When you reach the listing below, copy each line exactly.

- [Data shown]:
---

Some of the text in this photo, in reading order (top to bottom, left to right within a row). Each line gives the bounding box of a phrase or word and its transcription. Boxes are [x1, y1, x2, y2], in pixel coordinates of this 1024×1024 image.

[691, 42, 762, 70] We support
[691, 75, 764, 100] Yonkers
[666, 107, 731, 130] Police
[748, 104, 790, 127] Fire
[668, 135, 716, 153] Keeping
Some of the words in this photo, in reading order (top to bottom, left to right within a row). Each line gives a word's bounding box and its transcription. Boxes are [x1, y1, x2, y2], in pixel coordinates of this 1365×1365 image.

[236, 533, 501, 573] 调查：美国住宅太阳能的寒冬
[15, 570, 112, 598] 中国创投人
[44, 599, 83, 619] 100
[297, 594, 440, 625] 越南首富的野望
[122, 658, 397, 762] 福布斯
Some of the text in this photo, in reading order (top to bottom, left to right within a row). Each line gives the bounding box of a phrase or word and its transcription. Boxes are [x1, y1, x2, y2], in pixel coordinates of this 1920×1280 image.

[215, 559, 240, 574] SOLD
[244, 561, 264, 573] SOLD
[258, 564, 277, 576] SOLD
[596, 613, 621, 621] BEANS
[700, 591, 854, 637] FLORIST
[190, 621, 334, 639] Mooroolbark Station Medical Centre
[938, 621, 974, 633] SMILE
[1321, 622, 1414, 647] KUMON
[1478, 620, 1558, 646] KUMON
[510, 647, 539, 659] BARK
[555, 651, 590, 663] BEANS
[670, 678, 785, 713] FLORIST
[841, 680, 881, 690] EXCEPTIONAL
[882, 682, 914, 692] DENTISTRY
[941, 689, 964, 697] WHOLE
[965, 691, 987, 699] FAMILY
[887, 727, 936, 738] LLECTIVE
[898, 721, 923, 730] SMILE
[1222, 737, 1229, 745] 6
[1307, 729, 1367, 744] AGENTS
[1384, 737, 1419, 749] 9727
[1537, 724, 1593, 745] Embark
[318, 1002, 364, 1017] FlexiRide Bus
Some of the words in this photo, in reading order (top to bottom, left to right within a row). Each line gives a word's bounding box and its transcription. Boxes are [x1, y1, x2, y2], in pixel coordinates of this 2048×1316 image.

---

- [Solution for this problem]:
Some of the text in this photo, in reading order (top to bottom, left to right within a row). Each line gives the bounding box of a phrase or word and its transcription. Boxes are [x1, y1, x2, y2], in pixel coordinates of this 1024×1024 image.

[691, 42, 762, 70] We support
[691, 75, 764, 100] Yonkers
[666, 107, 731, 130] Police
[748, 104, 790, 127] Fire
[668, 135, 716, 153] Keeping
Some of the words in this photo, in reading order (top to bottom, left to right within a row). Each line gives a word's bounding box and its transcription. Boxes are [x1, y1, x2, y2], in pixel coordinates of this 1365×1365 image.

[236, 533, 501, 573] 调查：美国住宅太阳能的寒冬
[15, 570, 112, 598] 中国创投人
[44, 599, 83, 619] 100
[297, 594, 440, 625] 越南首富的野望
[122, 658, 397, 762] 福布斯
Some of the text in this photo, in reading order (top to bottom, left to right within a row). Each line gives the bounding box of a phrase or word and its transcription. Boxes are [x1, y1, x2, y2], in pixel coordinates of this 1920×1280 image.

[215, 559, 240, 574] SOLD
[244, 561, 264, 573] SOLD
[258, 564, 277, 576] SOLD
[596, 613, 621, 621] BEANS
[700, 591, 854, 637] FLORIST
[190, 621, 334, 639] Mooroolbark Station Medical Centre
[938, 621, 974, 633] SMILE
[1321, 622, 1414, 647] KUMON
[1478, 620, 1558, 646] KUMON
[510, 647, 539, 659] BARK
[555, 651, 590, 663] BEANS
[670, 678, 785, 713] FLORIST
[841, 680, 881, 690] EXCEPTIONAL
[882, 682, 914, 692] DENTISTRY
[941, 689, 964, 697] WHOLE
[965, 691, 987, 699] FAMILY
[887, 727, 936, 738] LLECTIVE
[898, 721, 923, 730] SMILE
[1222, 737, 1229, 745] 6
[1307, 729, 1367, 744] AGENTS
[1384, 737, 1419, 749] 9727
[1537, 724, 1593, 745] Embark
[318, 1002, 364, 1017] FlexiRide Bus
Some of the words in this photo, in reading order (top to bottom, left to right within a row). Each line gives a word's bounding box and its transcription. Boxes are [x1, y1, x2, y2], in pixel coordinates of this 2048×1316 image.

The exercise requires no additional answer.